**What you should do**
Give the records below again in full, exactly as written, but without any images.

--- Task data Enclosed Below ---

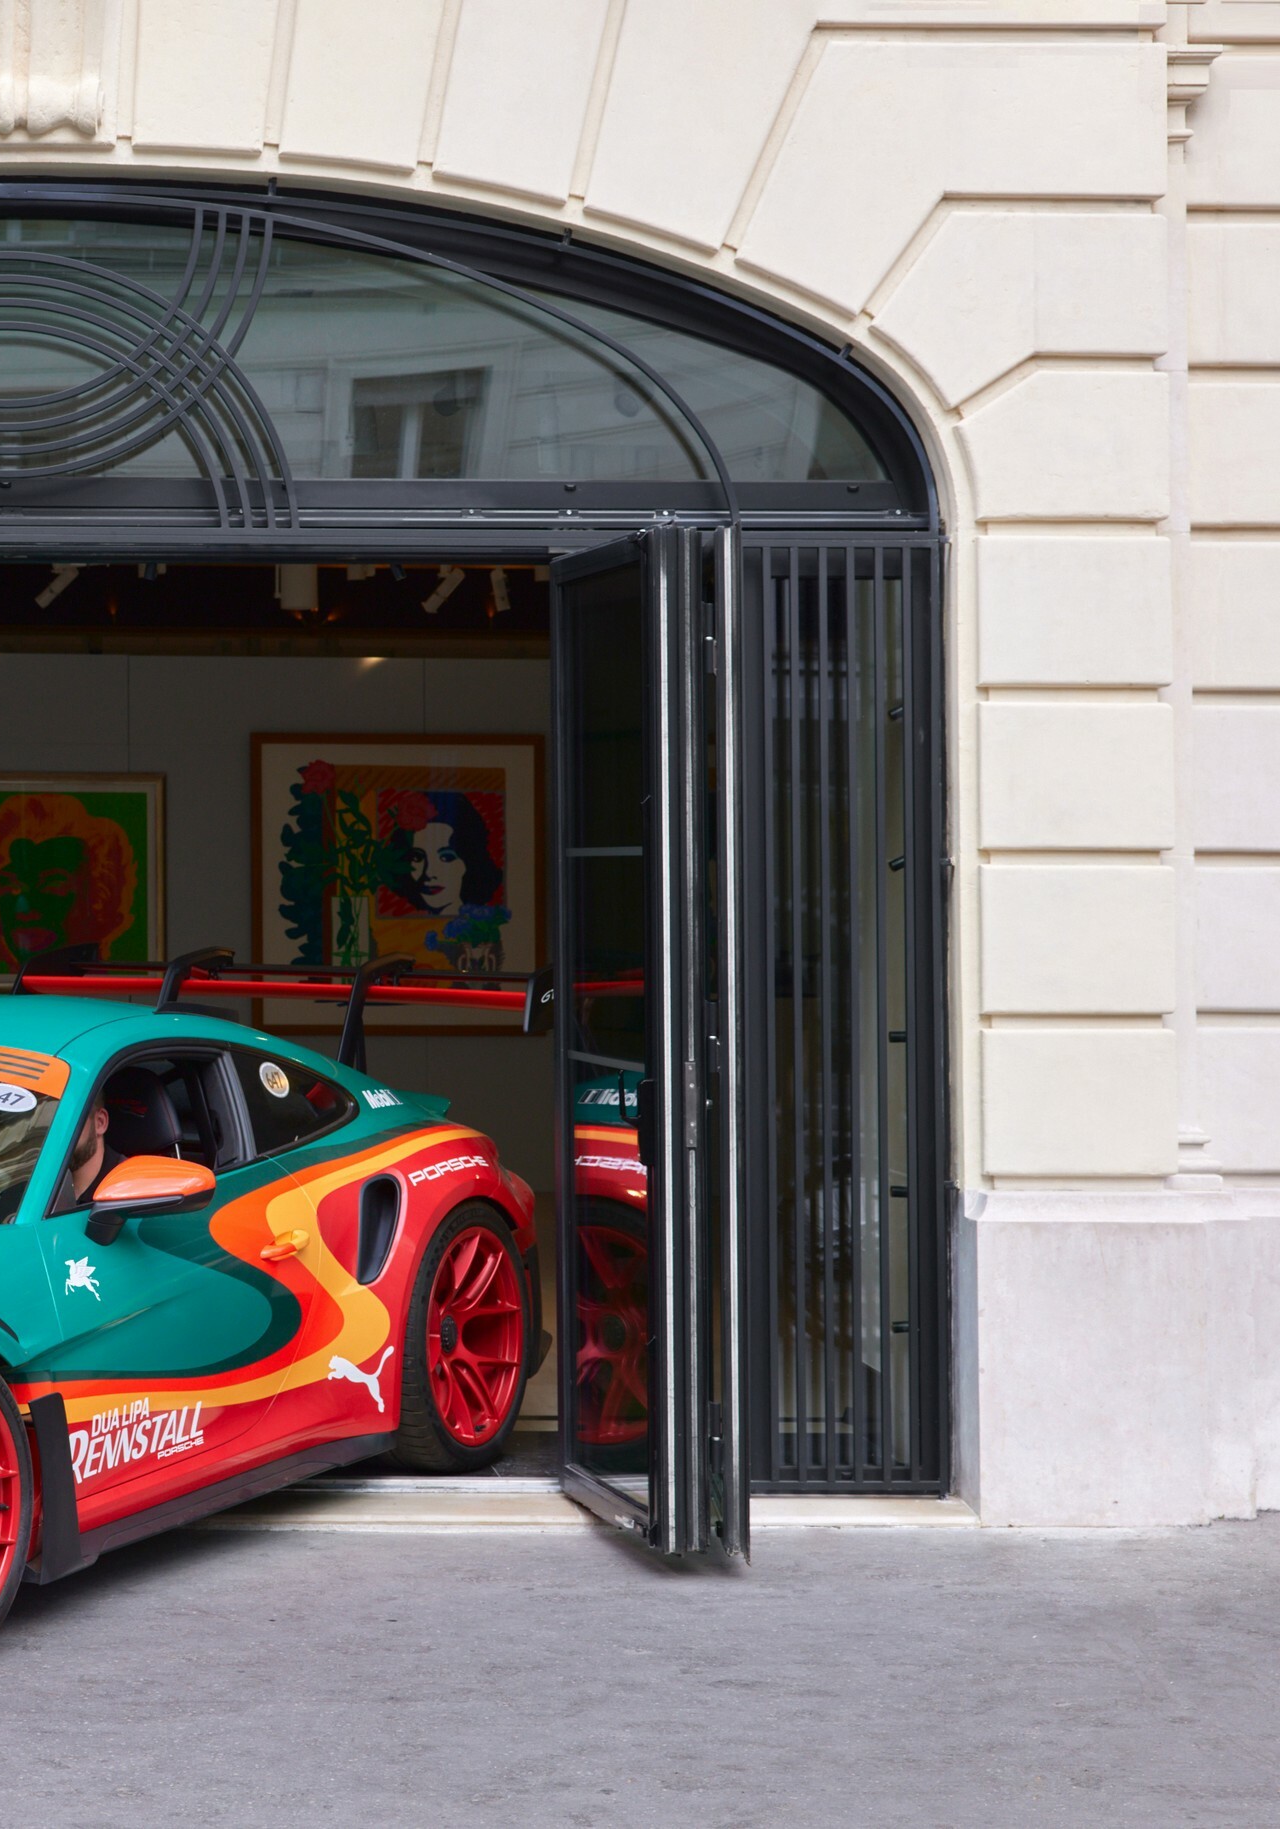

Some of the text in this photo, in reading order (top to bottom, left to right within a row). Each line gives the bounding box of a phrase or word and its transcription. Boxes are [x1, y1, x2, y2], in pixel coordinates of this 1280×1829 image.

[265, 1071, 284, 1089] 647
[361, 1089, 395, 1109] Mobil
[408, 1155, 489, 1187] PORSCHE
[91, 1397, 150, 1437] DUA LIPA
[69, 1401, 204, 1484] RENNSTALL
[157, 1436, 204, 1460] PORSCHE
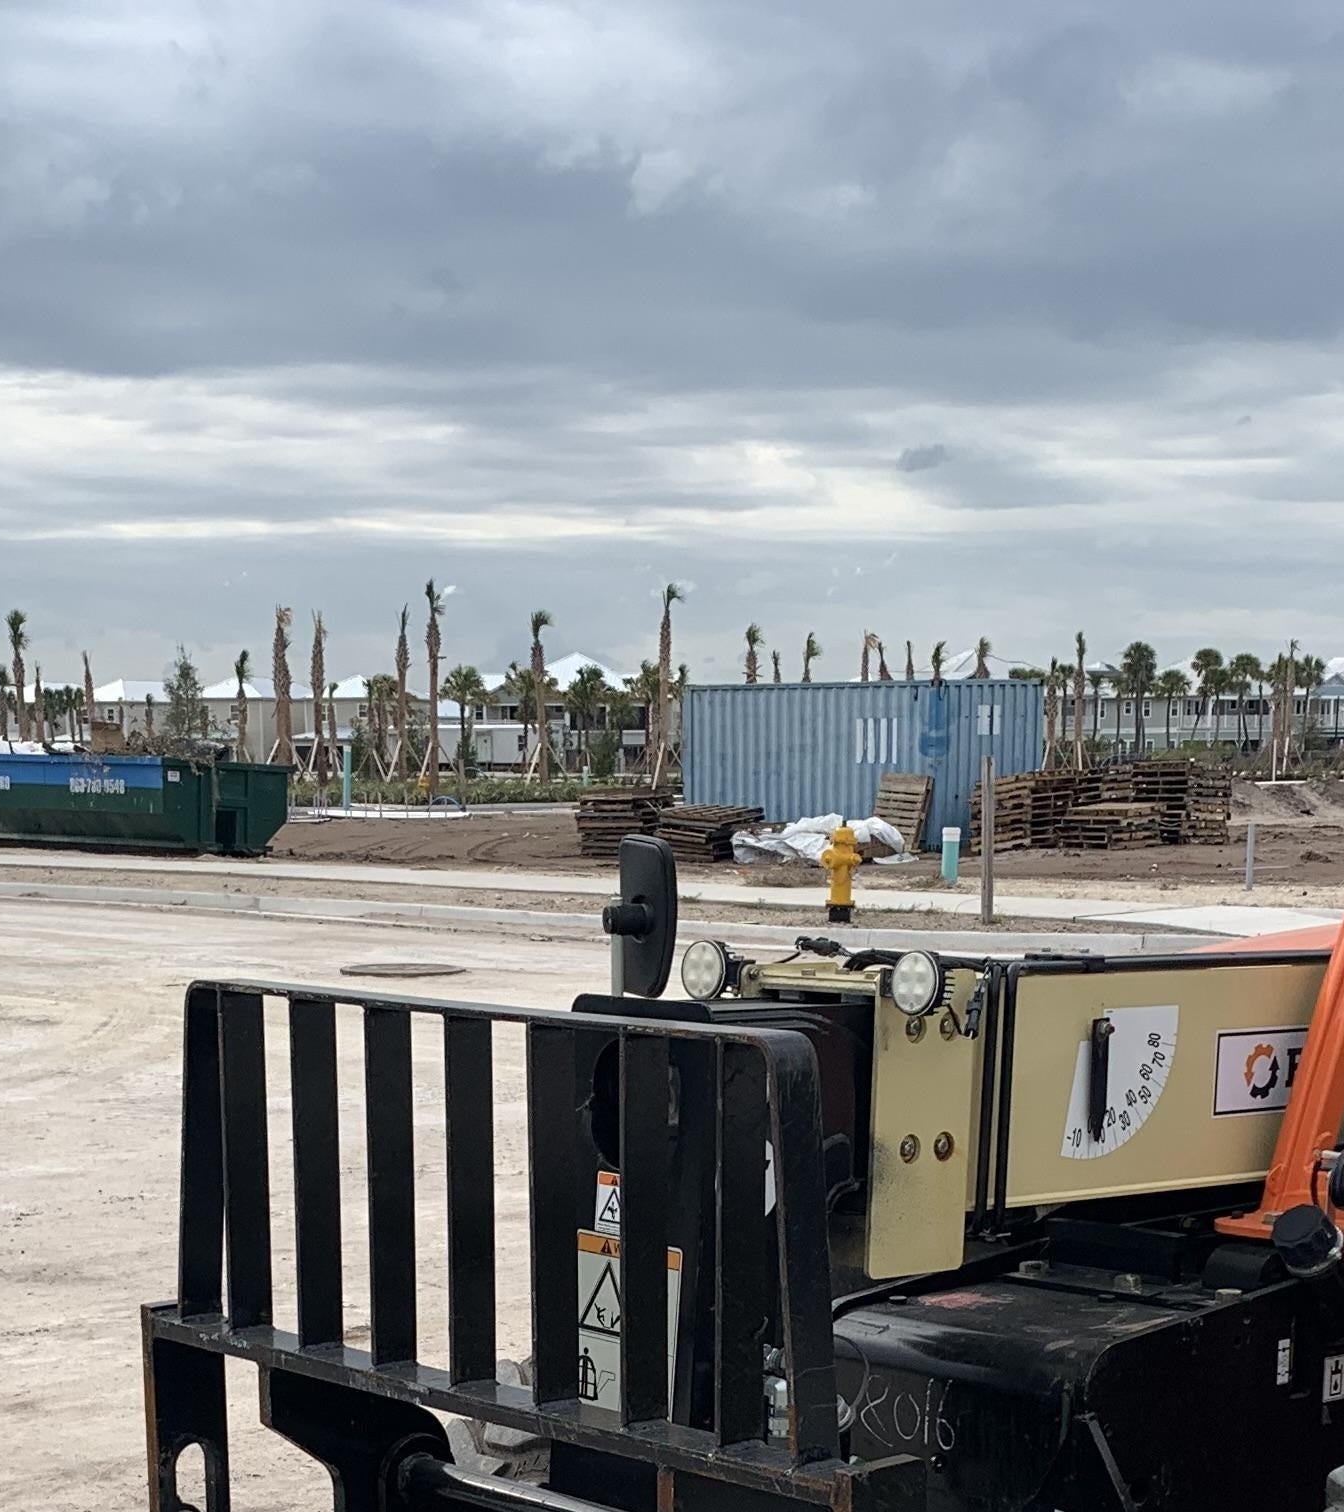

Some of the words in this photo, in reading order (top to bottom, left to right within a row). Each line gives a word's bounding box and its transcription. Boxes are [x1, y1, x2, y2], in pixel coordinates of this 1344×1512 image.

[1147, 1032, 1161, 1048] 80
[1152, 1051, 1165, 1068] 70
[1139, 1063, 1153, 1081] 60
[1125, 1089, 1138, 1107] 40
[1138, 1085, 1152, 1104] 50
[1106, 1106, 1116, 1127] 20
[1118, 1110, 1131, 1131] 30
[1066, 1128, 1082, 1148] -10
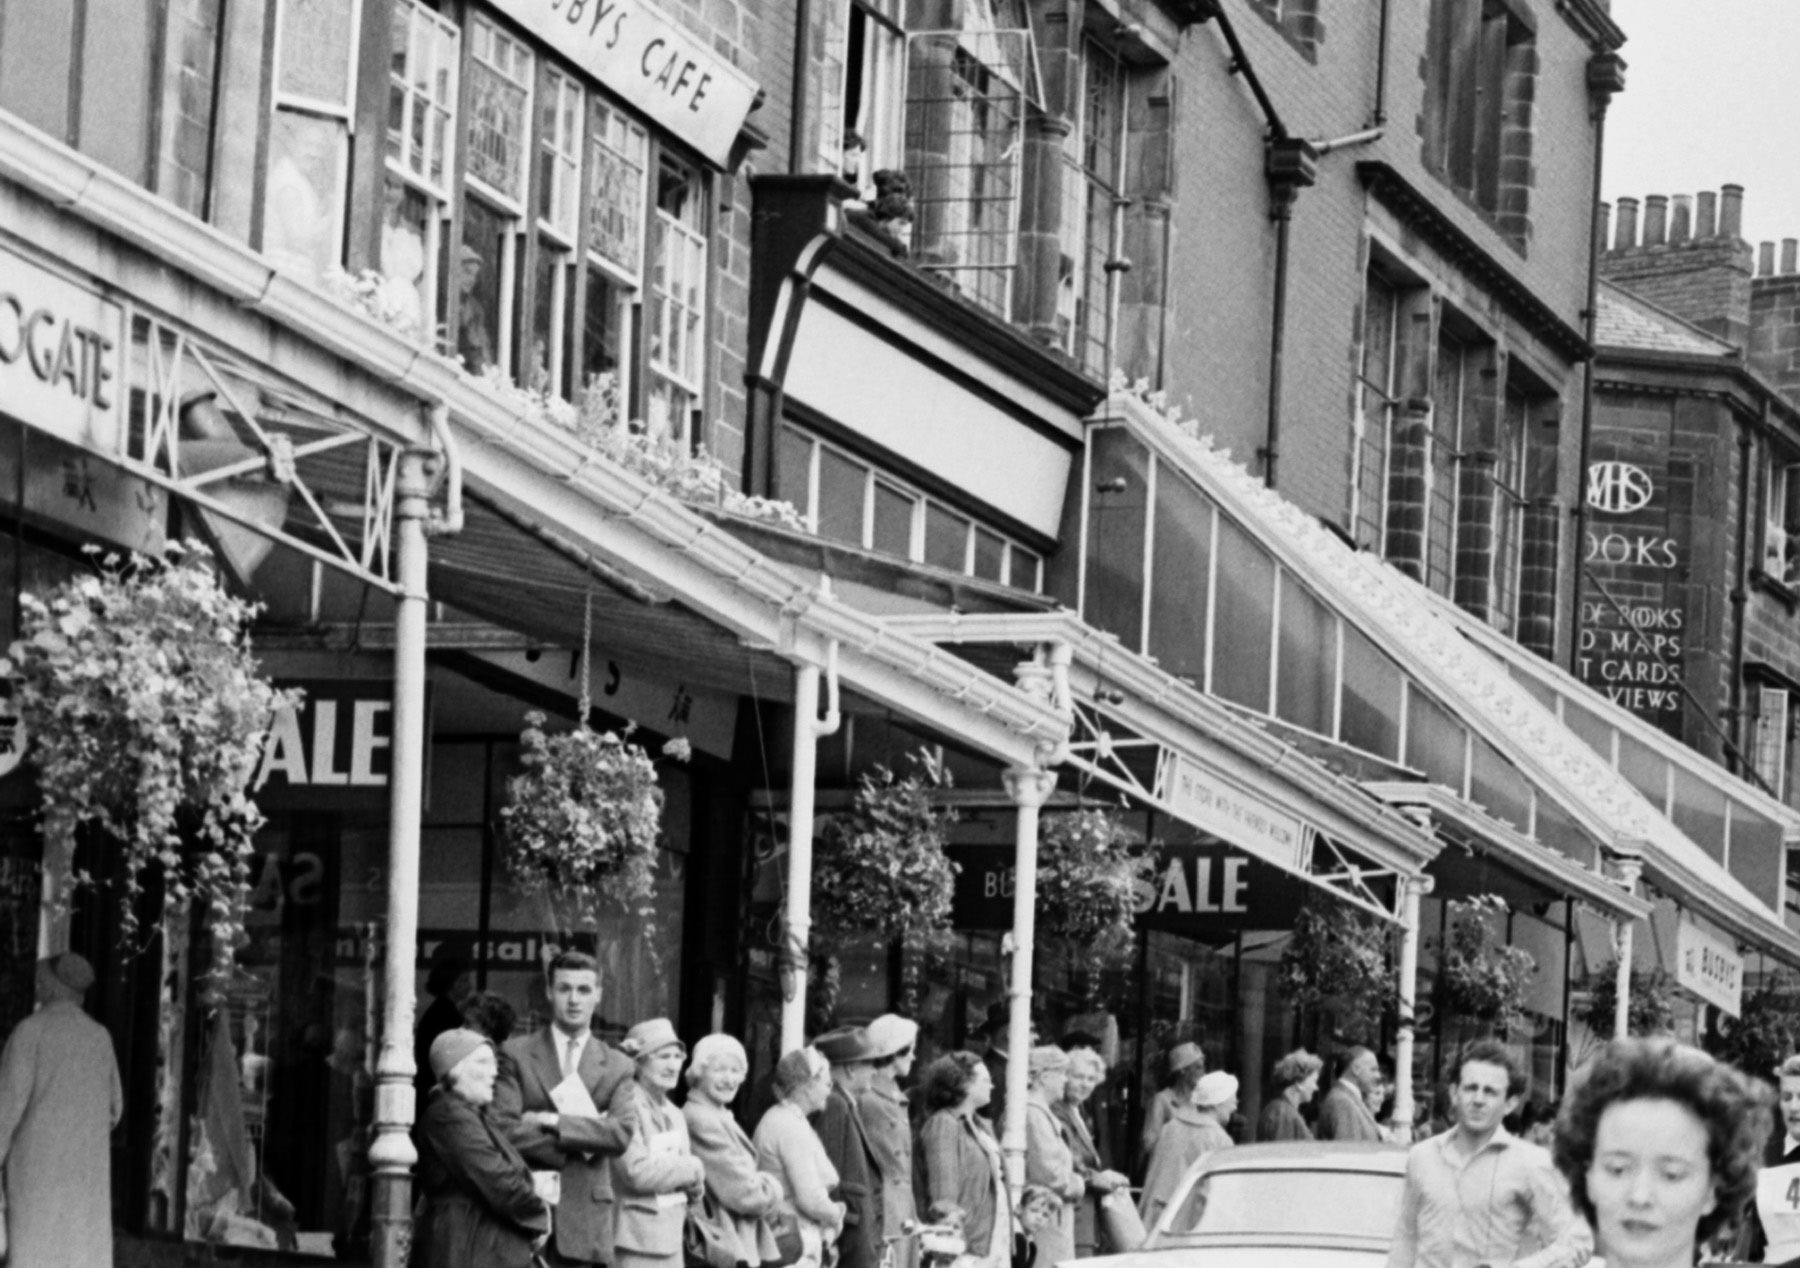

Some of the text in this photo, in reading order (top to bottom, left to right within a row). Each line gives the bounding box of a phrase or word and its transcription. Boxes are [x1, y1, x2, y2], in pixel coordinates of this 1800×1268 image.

--- End of Enclosed Task data ---

**Exercise output**
Some of the text in this photo, in reading order (top to bottom, left to right within a row). Each line gives the bounding box of a phrase or word and its transcription. Boxes are [x1, y1, x2, y2], in pixel coordinates of this 1280×1829 image.

[265, 1071, 284, 1089] 647
[361, 1089, 395, 1109] Mobil
[408, 1155, 489, 1187] PORSCHE
[91, 1397, 150, 1437] DUA LIPA
[69, 1401, 204, 1484] RENNSTALL
[157, 1436, 204, 1460] PORSCHE

Some of the words in this photo, in reading order (top to bottom, left to right within a row). Each line gives a word's bounding box and its transcription. Boxes are [x1, y1, x2, y2], in pixel coordinates of this 1344×1512 image.

[1147, 1032, 1161, 1048] 80
[1152, 1051, 1165, 1068] 70
[1139, 1063, 1153, 1081] 60
[1125, 1089, 1138, 1107] 40
[1138, 1085, 1152, 1104] 50
[1106, 1106, 1116, 1127] 20
[1118, 1110, 1131, 1131] 30
[1066, 1128, 1082, 1148] -10

Some of the text in this photo, in reading order (top to bottom, left to right within a row). Each line gives the bounding box of a phrase or word and its transcription. Boxes are [x1, y1, x2, y2], in pixel coordinates of this 1800×1268 image.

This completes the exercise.